Most of you have probably greeted your child with a hug, and then asked how was your day? It is instinctive to ask, and then that all too familiar answer comes… “I don’t know.”  Or maybe your preschooler answers, “Good.” Both are true, but provide you with little insight into the full school day. Young children do not really focus on a series of events, but may only be able to keep in mind the last thing that happened during the day. 

 

There are a few ways to encourage more meaningful communication, here are our 3 top tips;

 

1. Engage in a cooperative activity
 

First, engage in an activity with your preschooler.  I am a big believer that good communication with children comes when we are relaxed and doing something together.  Although it is very tempting, hold off on asking your preschooler about their day immediately after school. In that moment, it is wise to allow your child to relax and to just appreciate seeing you! It might be better to encourage chatter about the classroom later, when you are doing something together.
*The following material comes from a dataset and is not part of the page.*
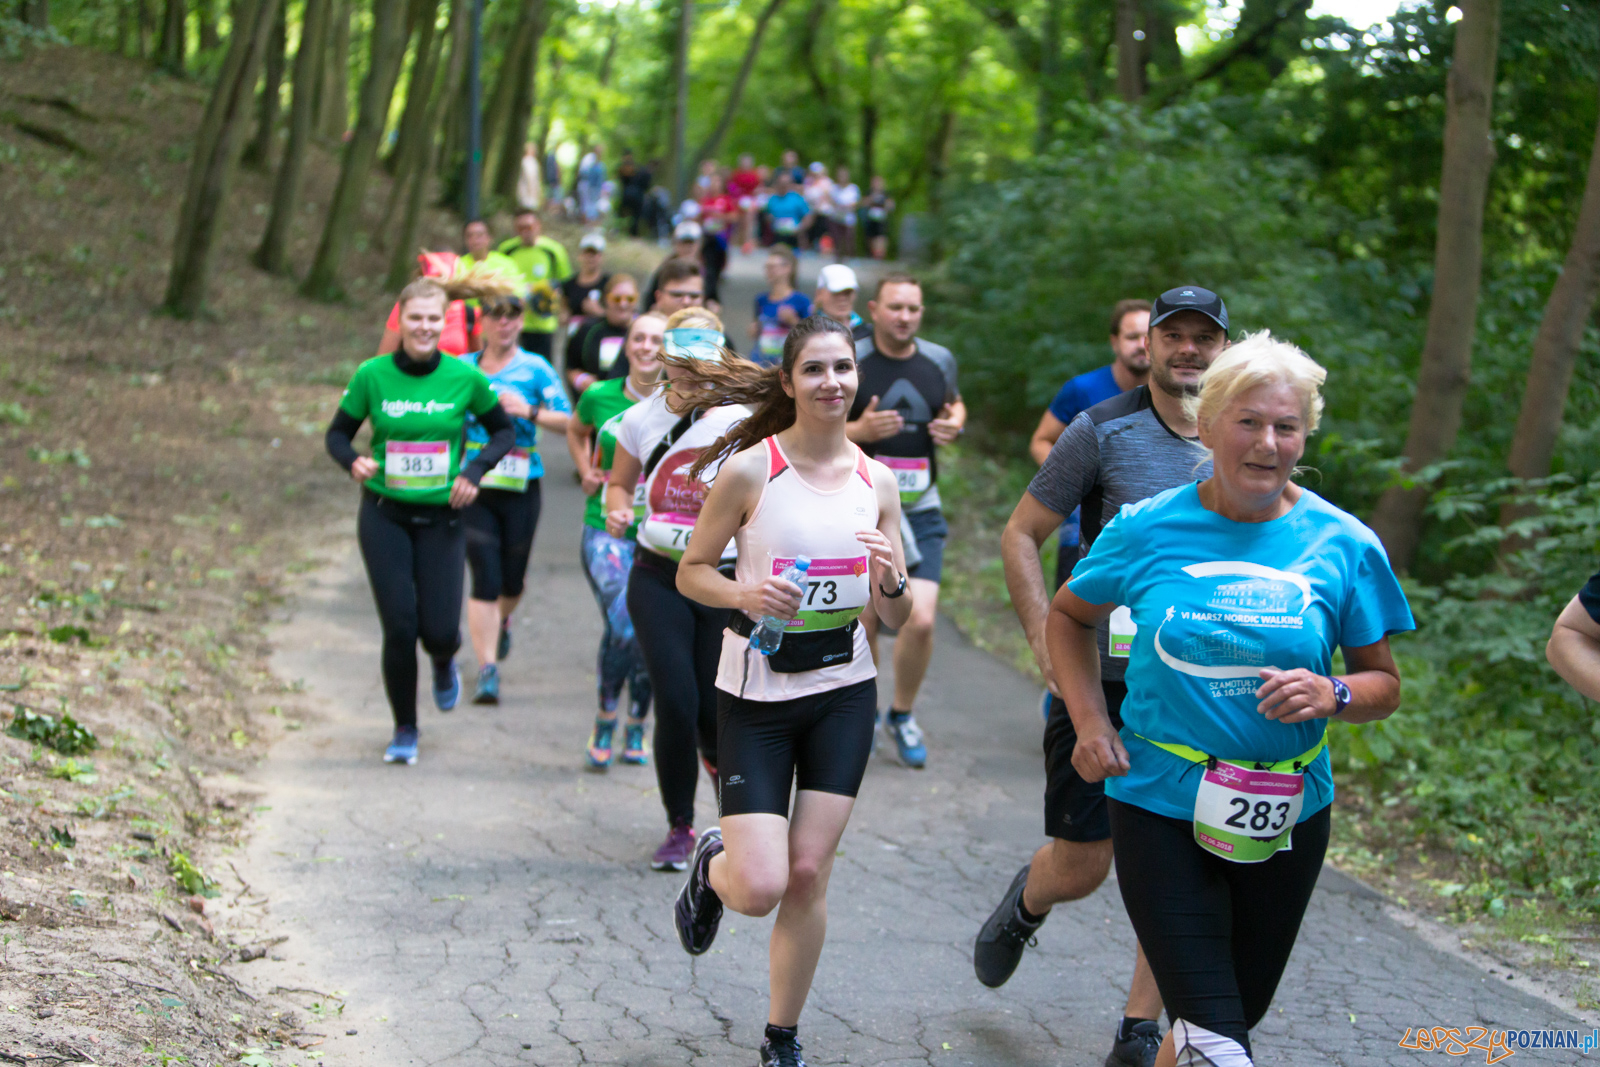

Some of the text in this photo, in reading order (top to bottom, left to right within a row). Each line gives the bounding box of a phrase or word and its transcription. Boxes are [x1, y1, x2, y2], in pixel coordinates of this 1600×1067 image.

I always had the best talks with my own children while throwing a ball, playing a game, or washing dishes together. 

 

2. Make statements

 

Rather than asking a question, I often began our conversations with a statement.  An example might be; “I know how much you like to sing. I wonder if your teacher likes songs too.”  Now you have created a space for talk about song in the classroom.  Another approach might be to offer, “Let’s sing a song from school together.”  This will help turn your child’s memory in a particular direction, and open up dialogue. 

 

3. Ask questions that require specificity

 

If questioning is more your style, ask with specificity. Some examples of good questions to open up conversation include: Who sat next to you in circle today? What story did your teacher read today? Tell me about your favorite part. I heard your class made applesauce, how did you make it? These are questions that require your child to reflect on a specific aspect of the school day and may spark some great conversation.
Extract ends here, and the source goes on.